(Entries taken from a collection)
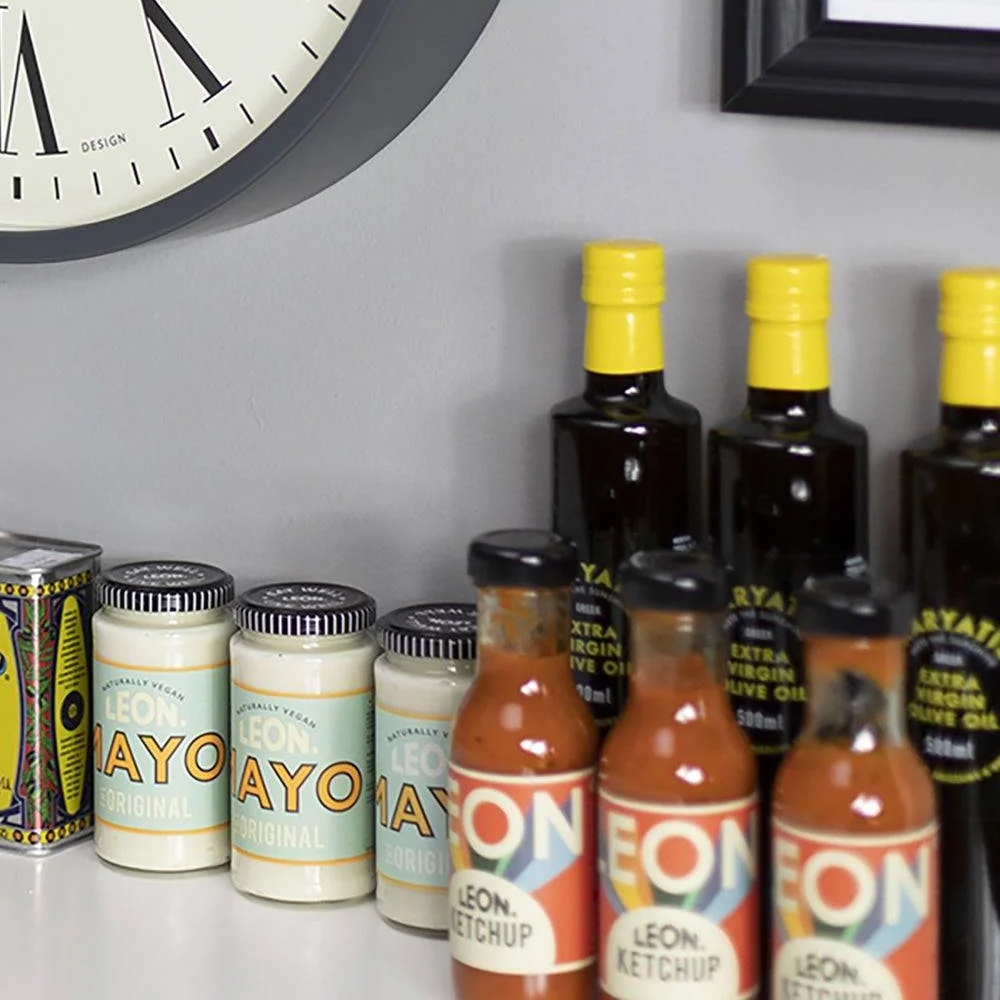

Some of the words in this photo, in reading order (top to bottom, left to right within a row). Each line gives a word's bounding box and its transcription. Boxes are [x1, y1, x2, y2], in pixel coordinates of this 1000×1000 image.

[80, 133, 128, 154] DESIGN
[570, 620, 618, 640] XTRA
[569, 638, 623, 657] IRGIN
[730, 642, 791, 666] EXTRA
[569, 655, 597, 674] IVE
[726, 660, 797, 684] VIRGIN
[101, 677, 149, 692] NATURALLY
[151, 681, 185, 702] VEGAN
[104, 690, 188, 728] LEON.
[235, 702, 280, 716] NATURALLY
[282, 707, 318, 729] VEGAN
[238, 715, 319, 755] LEON.
[387, 727, 439, 742] NATURALLY
[391, 741, 446, 779] LEO
[230, 746, 363, 814] AYO
[106, 787, 193, 819] ORIGINAL
[240, 816, 325, 849] ORIGINAL
[393, 844, 445, 876] ORIGI
[600, 811, 757, 895] EON
[459, 884, 518, 918] LEON.
[633, 921, 706, 952] LEON.
[616, 945, 721, 983] KETCHUP

Aim of the exercise -
No pictures go in the copy. Set down all the data exactly.

Task answer -
Some of the words in this photo, in reading order (top to bottom, left to right within a row). Each line gives a word's bounding box and its transcription. Boxes are [x1, y1, x2, y2], in pixel coordinates of this 1000×1000 image.

[80, 133, 128, 154] DESIGN
[570, 620, 618, 640] XTRA
[569, 638, 623, 657] IRGIN
[730, 642, 791, 666] EXTRA
[569, 655, 597, 674] IVE
[726, 660, 797, 684] VIRGIN
[101, 677, 149, 692] NATURALLY
[151, 681, 185, 702] VEGAN
[104, 690, 188, 728] LEON.
[235, 702, 280, 716] NATURALLY
[282, 707, 318, 729] VEGAN
[238, 715, 319, 755] LEON.
[387, 727, 439, 742] NATURALLY
[391, 741, 446, 779] LEO
[230, 746, 363, 814] AYO
[106, 787, 193, 819] ORIGINAL
[240, 816, 325, 849] ORIGINAL
[393, 844, 445, 876] ORIGI
[600, 811, 757, 895] EON
[459, 884, 518, 918] LEON.
[633, 921, 706, 952] LEON.
[616, 945, 721, 983] KETCHUP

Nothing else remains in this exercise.